Background: Aberrant expression of circular RNAs (circRNAs) has been revealed to have crucial roles in the pathological processes of cardiovascular disease. Here, this study aimed to investigate the role and mechanism of circ_0001379 in hypoxia/reoxygenation (H/R)-induced cardiomyocyte injury to explore the potential action of circ_0001379 in acute myocardial infarction (AMI). Methods: Levels of genes and proteins were examined by quantitative real-time polymerase chain reaction and western blot. Cell counting kit-8 assay, 5-ethynyl-2 '-deoxyuridine assay, and flow cytometry were used to detect cardiomyocyte proliferation and apoptosis, respectively. The activity of IL-1 beta, IL-6, and TNF-alpha was determined by ELISA analysis. The target relationship between miR-98-5p and circ_0001379 or SOX6 (SRY-Box Transcription Factor 6) was verified by dual-luciferase reporter and RNA immunoprecipitation assays. Results: Circ_0001379 was highly expressed in AMI mouse model and H/R-induced cardiomyocytes. Functionally, circ_0001379 silencing attenuated H/R-evoked cardiomyocyte apoptosis and inflammatory response. Mechanistically, circ_0001379 functioned as a sponge for miR-98-5p, which directly targeted SOX6. Moreover, circ_0001379 could regulate SOX6 expression via sponging miR-98-5p. Further rescue experiments showed that inhibition of miR-98-5p reversed the protective effects of circ_0001379 silencing on H/R-induced cardiomyocytes.

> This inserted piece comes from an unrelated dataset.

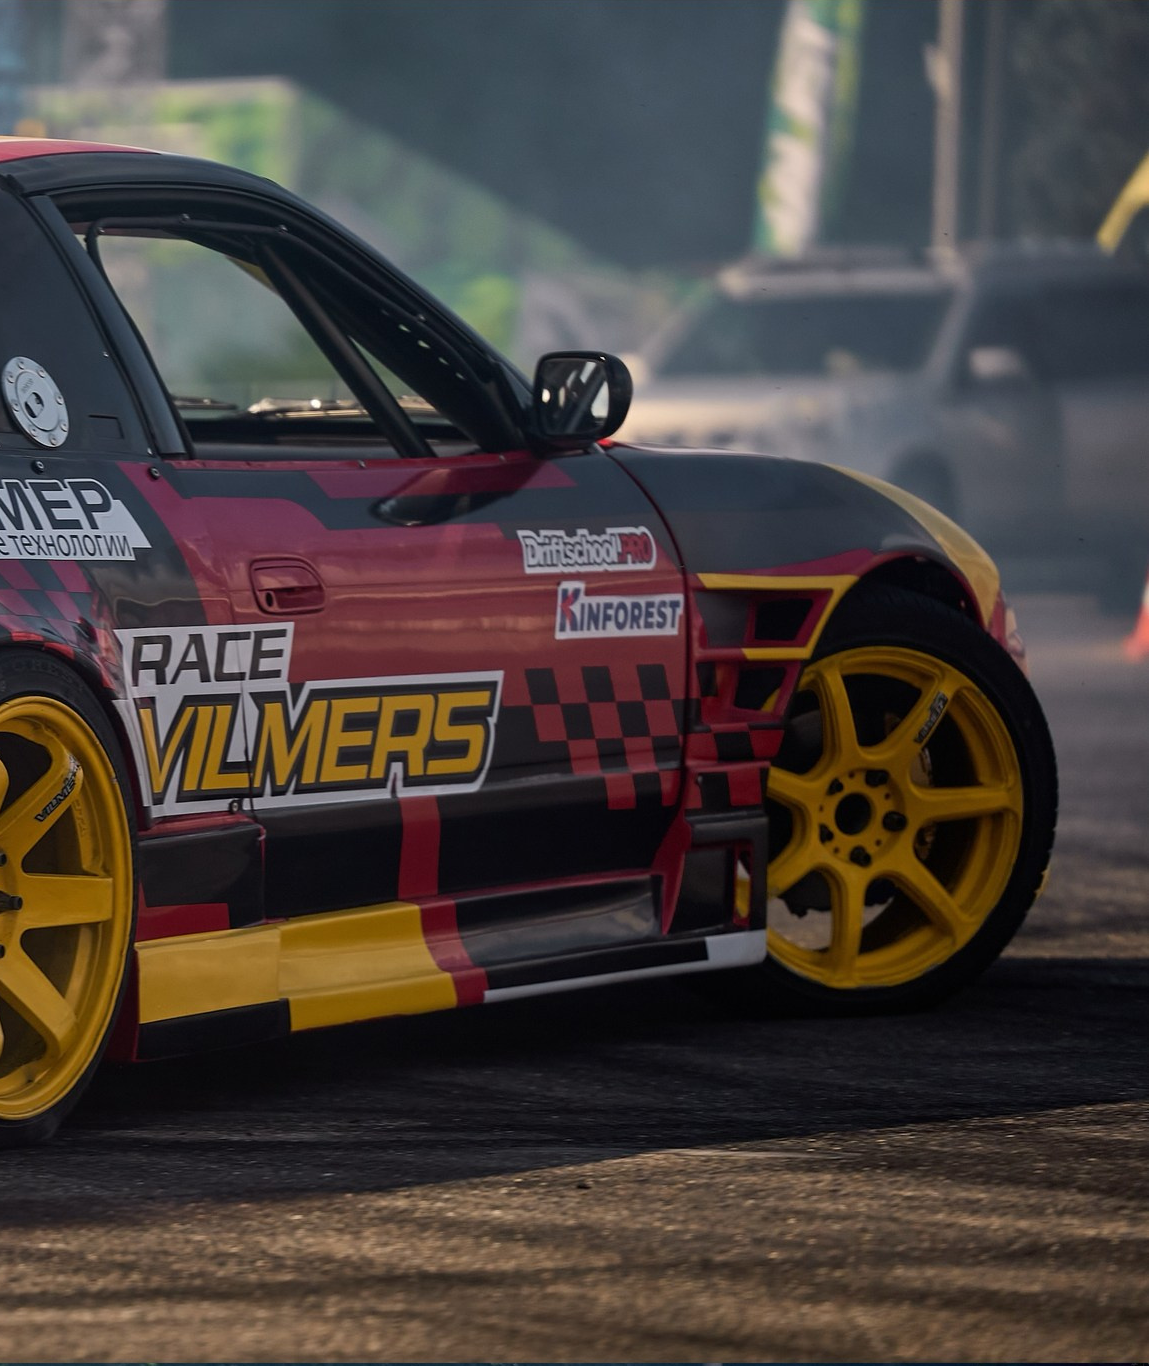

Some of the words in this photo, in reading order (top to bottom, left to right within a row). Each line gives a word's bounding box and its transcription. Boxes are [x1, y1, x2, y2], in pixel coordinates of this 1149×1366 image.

Besides that, miR-98-5p overexpression abolished H/R-evoked cardiomyocyte apoptosis and inflammatory response, while this condition was abated by SOX6. Conclusion: Circ_0001379 silencing protects cardiomyocytes from H/R-induced apoptosis and inflammatory response by miR-98-5p/SOX6 axis, suggesting a novel therapeutic strategy for AMI prevention.